Der Nahe Osten, der jahrzehntelang im Mittelpunkt der US-Außenpolitik stand, wurde seit dem Irak-Debakel von George W. Bush und Barack Obamas Ausstieg aus Syrien relativ vernachlässigt. Doch 2023 könnte das Jahr sein, in dem sich eine Vielzahl von Problemen, die sich aus dieser amerikanischen Distanzierung ergeben, zuspitzen.

Benny Gantz, Israels scheidender Verteidigungsminister, prognostizierte letzte Woche eine weitere blutige Eskalation im besetzten Westjordanland als Folge der Entscheidung von Ministerpräsident Benjamin Netanjahu ministerielle Autorität über das Gebiet zu geben an seine antiarabischen Koalitionspartner. Die Gewalt, an der die israelische Armee, jüdische Siedler und Palästinenser beteiligt waren, erreichte 2022 ein Rekordniveau.

Auch der Iran steht kurz vor dem Siedepunkt, aufgrund umfassender Proteste gegen die Regierung – und weil die Atomgespräche mit dem Westen kurz vor dem Scheitern stehen. Selbst wenn der Iran dramatische Zugeständnisse macht, ist es schwer vorstellbar, dass US-Präsident Joe Biden einen Deal mit einem Regime abschließt, das seine jungen Frauen aktiv ermordet und foltert.

Eine frontale (im Gegensatz zu einer verdeckten) militärischen Konfrontation zwischen Israel und dem Iran könnte ein Ergebnis eines endgültigen Bruchs des Westens mit Teheran sein. Das wiederum könnte den Irak und Syrien anziehen – weitere unerledigte US-Geschäfte – sowie Russland. In der Zwischenzeit könnte der bei den Wahlen herausgeforderte Führer der Türkei, Recep Tayyip Erdoğan, die in Syrien ansässigen Kurden erneut angreifen – um die Aufmerksamkeit von seinen innenpolitischen Fehlern abzulenken.

Ukrainer, die sich fragen, was 2023 bringen könnte, haben guten Grund, sich auch um die amerikanisch-europäische Einheit und ihren langen Atem zu sorgen. Die Spaltungen zwischen den EU-Ländern über die Verhandlungen mit Russland könnten sich im Laufe des Krieges ausweiten. Und in Washington wächst der Unmut darüber, dass die USA die meisten Risiken in der Ukraine übernehmen und den Löwenanteil der Kosten zahlen (48 Milliarden Dollar, Tendenz steigend), während die Europäer angeblich auf Huckepack zurückgreifen.

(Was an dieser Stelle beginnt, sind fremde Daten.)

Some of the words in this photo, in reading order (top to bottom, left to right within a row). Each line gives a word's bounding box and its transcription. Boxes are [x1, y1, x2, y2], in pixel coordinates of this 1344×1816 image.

Im weiteren Sinne werden die transatlantischen Beziehungen von protektionistischen Elementen erneut auf die Probe gestellt Bidens wegweisende Handels- und Technologiegesetzgebung die Brüssel empört haben. Eine grundlegendere, überraschendere Frage betrifft angesichts der bevorstehenden Präsidentschaftswahlen 2024 die Robustheit und Integrität der amerikanischen Demokratie in der Ära Donald Trump.

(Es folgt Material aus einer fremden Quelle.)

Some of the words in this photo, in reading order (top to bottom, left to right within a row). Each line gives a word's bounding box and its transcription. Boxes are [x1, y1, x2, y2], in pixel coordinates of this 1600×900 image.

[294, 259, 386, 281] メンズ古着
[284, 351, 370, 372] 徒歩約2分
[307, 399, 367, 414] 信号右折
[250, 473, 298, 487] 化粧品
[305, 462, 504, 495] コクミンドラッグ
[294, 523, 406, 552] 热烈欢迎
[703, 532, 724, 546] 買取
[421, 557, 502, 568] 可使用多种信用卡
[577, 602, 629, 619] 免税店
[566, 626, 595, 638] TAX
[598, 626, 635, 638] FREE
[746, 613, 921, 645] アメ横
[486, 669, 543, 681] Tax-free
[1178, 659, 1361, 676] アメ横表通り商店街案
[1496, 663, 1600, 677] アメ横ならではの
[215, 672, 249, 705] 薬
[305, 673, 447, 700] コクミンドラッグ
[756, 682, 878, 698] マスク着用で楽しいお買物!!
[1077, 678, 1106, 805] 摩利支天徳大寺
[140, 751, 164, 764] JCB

Wer weiß? Vielleicht wird Putin schmählich abgesetzt. Vielleicht küssen sich Biden und Xi und versöhnen sich. Vielleicht ist Frieden in Palästina doch keine Fata Morgana. Eines ist sicher im Jahr 2023: Die Ukraine wird immer noch mehr Unterstützung und Aufmerksamkeit erhalten als Afghanistan und Dutzende ärmere, ähnlich umkämpfte, strategisch weniger wichtige Länder zusammen.

Während die Großmächte ihre globalen Schlachten führen, werden Elend und Chaos in diesen weniger begünstigten Nationen anhalten, weitgehend unkontrolliert und unbemerkt. Frohes neues Jahr!